James Joyce Tower, Martello, Sandycove

Bloomsday celebrations: James Joyce Tower and Museum is a Martello tower in Sandycove near Dublin. Joyce’s stay here is said to have inspired the opening of his novel Ulysses

❚ “THE GREATEST ENGLISH PROSE STYLIST”, Irish-born James Joyce, met his partner for life Nora Barnacle “sauntering” along a Dublin street on June 10, 1904. The chance encounter is described in Finnegans Wake:

If he’s plane she’s purty, if he’s fane, she’s flirty, with her auburnt streams, and her coy cajoleries, and her dabblin drolleries, for to rouse his rudderup, or to drench his dreams

James Joyce , Nora Barnacle

James Joyce and Nora Barnacle in 1904, the year they met

In those days, romantics young and old didn’t “date”. He asked if he could meet her again and on the chosen day she blew him out, so he sent her a note and then they agreed to take a walk.

On the evening of June 16 Nora, a 20-year-old chambermaid, and James, the 22-year-old writer, went walking to the village of Ringsend. Several aspects of Joyce’s life converged on this day and he was to tell Nora later “You made me a man”. Years on, the author who gave the word “epiphany” its special meaning chose this sacred date for the setting of Ulysses, a modern re-telling of Homer’s Odyssey, in which all the action takes place on the same day in Dublin in 1904. The date was to become Bloomsday, derived from Leopold Bloom, the 38-year-old protagonist of his yarn.

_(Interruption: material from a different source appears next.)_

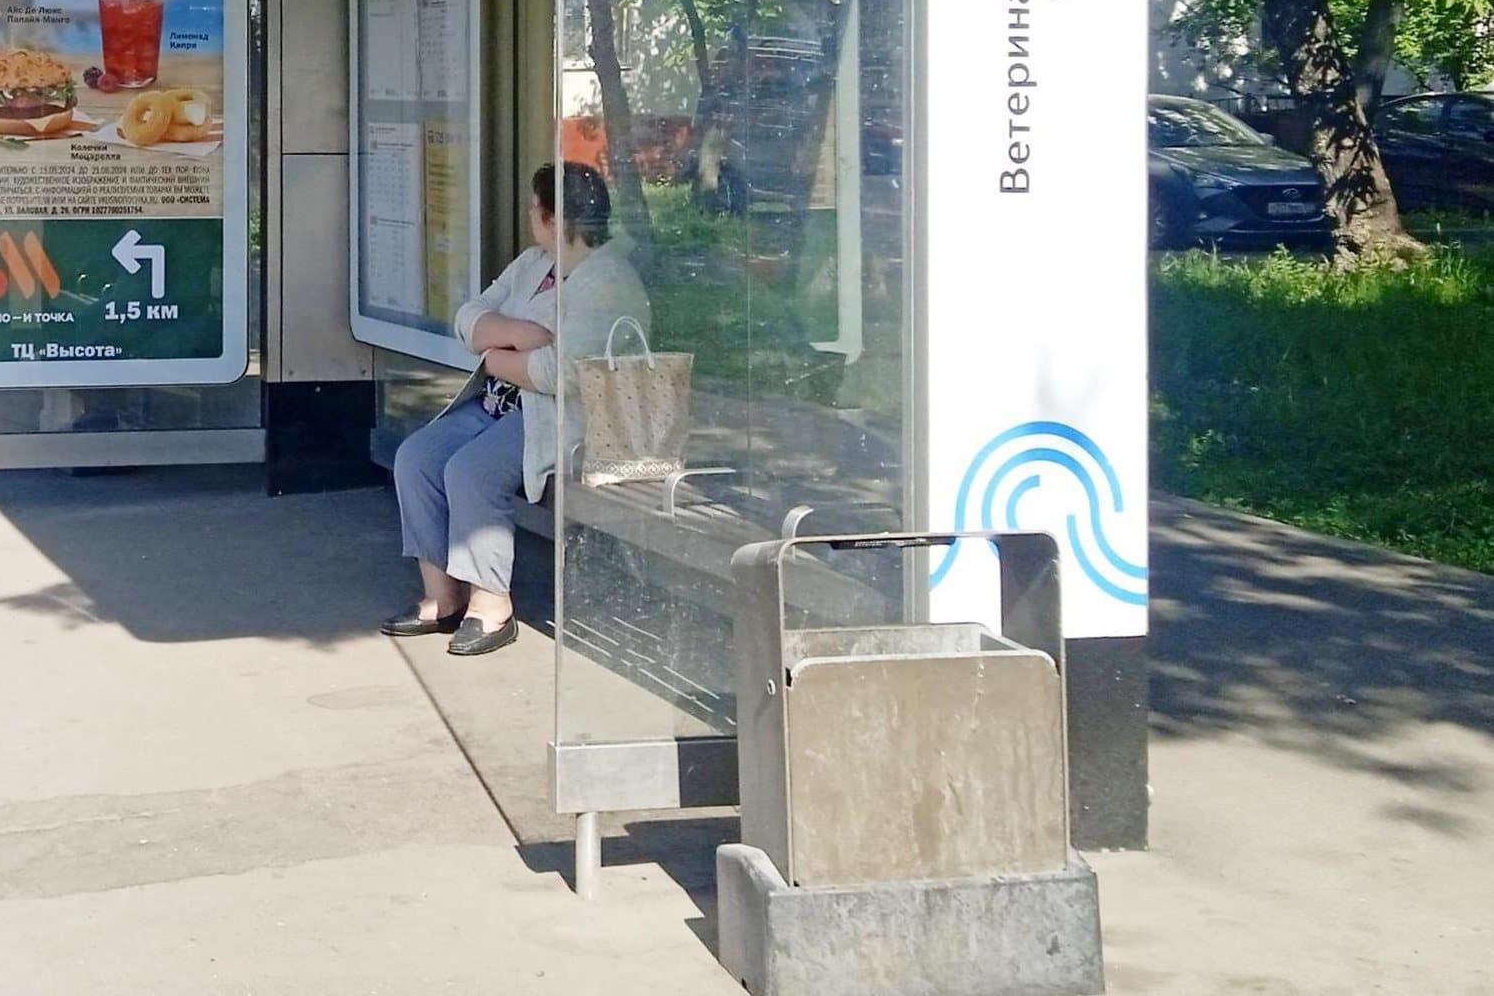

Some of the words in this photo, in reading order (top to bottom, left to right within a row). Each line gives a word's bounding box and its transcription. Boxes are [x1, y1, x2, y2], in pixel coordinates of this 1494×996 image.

The book was published by the American ex-pat Sylvia Beach who ran the bookshop Shakespeare and Company in Paris in 1922 — the same year as T S Eliot’s The Waste Land, both works resonating to the cultural incoherence thrown up by the First World War. Ulysses furnished a touchstone for the whole 20th-century modernist movement in literature, as well as being spiced with racy humour deemed too “obscene” to publish in England until 1936 (and indeed banned in Ireland until the 1970s). Joyce personalised the chaotic stream-of-consciousness technique — writing as if thinking aloud — by employing a rich lexicon of 30,000 words, greater than Shakespeare’s and most everyday speakers of English, since many words were Joyce’s own musical inventions. About the book’s size, Joyce joked: “I spent seven years writing it. People could at least spend seven years reading it.” Samuel Beckett said of Joyce’s prose: “It is not to be read. It is to be looked at and listened to.”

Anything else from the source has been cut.